Congedi parentali, servizi per l'infanzia e scuola a tempo pieno. Che misure andrebbero prese per sostenere la maternità?
«Innanzitutto bisognerebbe estendere, rispetto al sistema di congedi e permessi legati alla genitorialità, con un forte investimento, la copertura retributiva del congedo parentale e agevolarne così anche l’utilizzo da parte dei padri.

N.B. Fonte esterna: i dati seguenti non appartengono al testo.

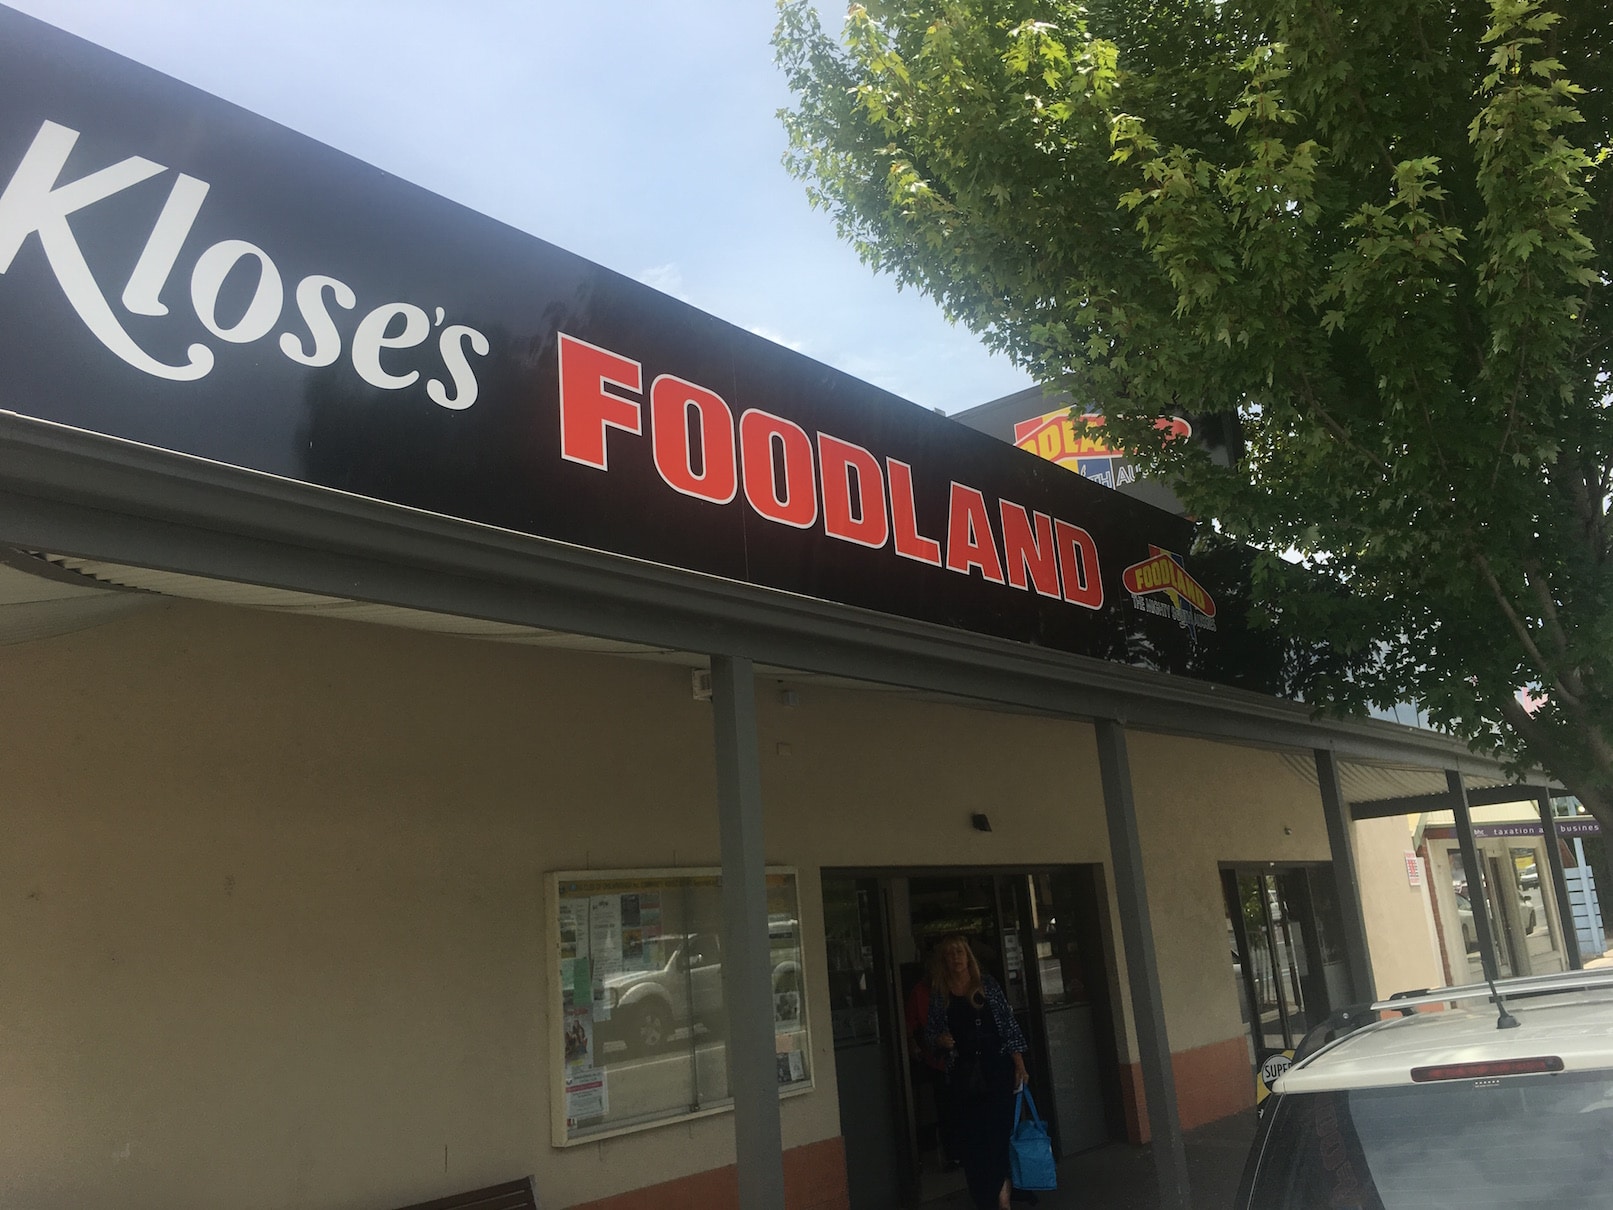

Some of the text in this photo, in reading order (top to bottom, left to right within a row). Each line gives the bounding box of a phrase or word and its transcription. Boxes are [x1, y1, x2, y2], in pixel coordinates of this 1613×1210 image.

Sarebbe poi utile incentivare, per uomini e donne, forme di part-time lungo e favorire la flessibilità di orario in chiave “conciliativa”. Per quanto riguarda servizi per l’infanzia e la scuola è necessario un ampliamento numerico degli asili nido specialmente nel Meridione ed un riordino delle modalità di accesso basate sulla gratuità o, in alternativa, sulla compartecipazione al costo da parte delle famiglie secondo criteri di equità calibrati sull’ISEE. I costi elevatissimi di strutture dedicate all’infanzia sia pubbliche che private, infatti, ostacolano il processo di genitorialità, ma anche il rientro al lavoro di molte lavoratrici».
Lo smart working può rappresentare uno strumento per aiutare la maternità? Andrebbe regolato e come?
« Penso che lo smart working sia un’opportunità formidabile per coniugare produttività e benessere della lavoratrice, buona flessibilità e sostenibilità ambientale e sociale, inclusione e conciliazione vita-lavoro. Per fare questo occorre restituire la materia alla contrattazione per definire limiti sulle fasce orarie, prevedere il diritto alla disconnessione, fornire gli strumenti necessari per realizzarlo. Vanno contrastate tutte quelle storture che possono trasformare l’opportunità in difficoltà a partire dal rischio di isolamento, dal sovraccarico di responsabilità, dal burnout familiare».
Qual è stata la sua esperienza, diretta o indiretta, di conciliazione lavoro e maternità?
«Raccogliamo quotidianamente, attraverso un rapporto costante con le lavoratrici ed i lavoratori, nei luoghi di lavoro e nel territorio, richieste di sostegno. In tanti casi, il supporto dei nonni è fondamentale per sopperire alla carenza di strutture. In questo tempo di pandemia, le difficoltà sono aumentate e con esse anche le tensioni che purtroppo sono sfociate in forme di violenza anche estreme».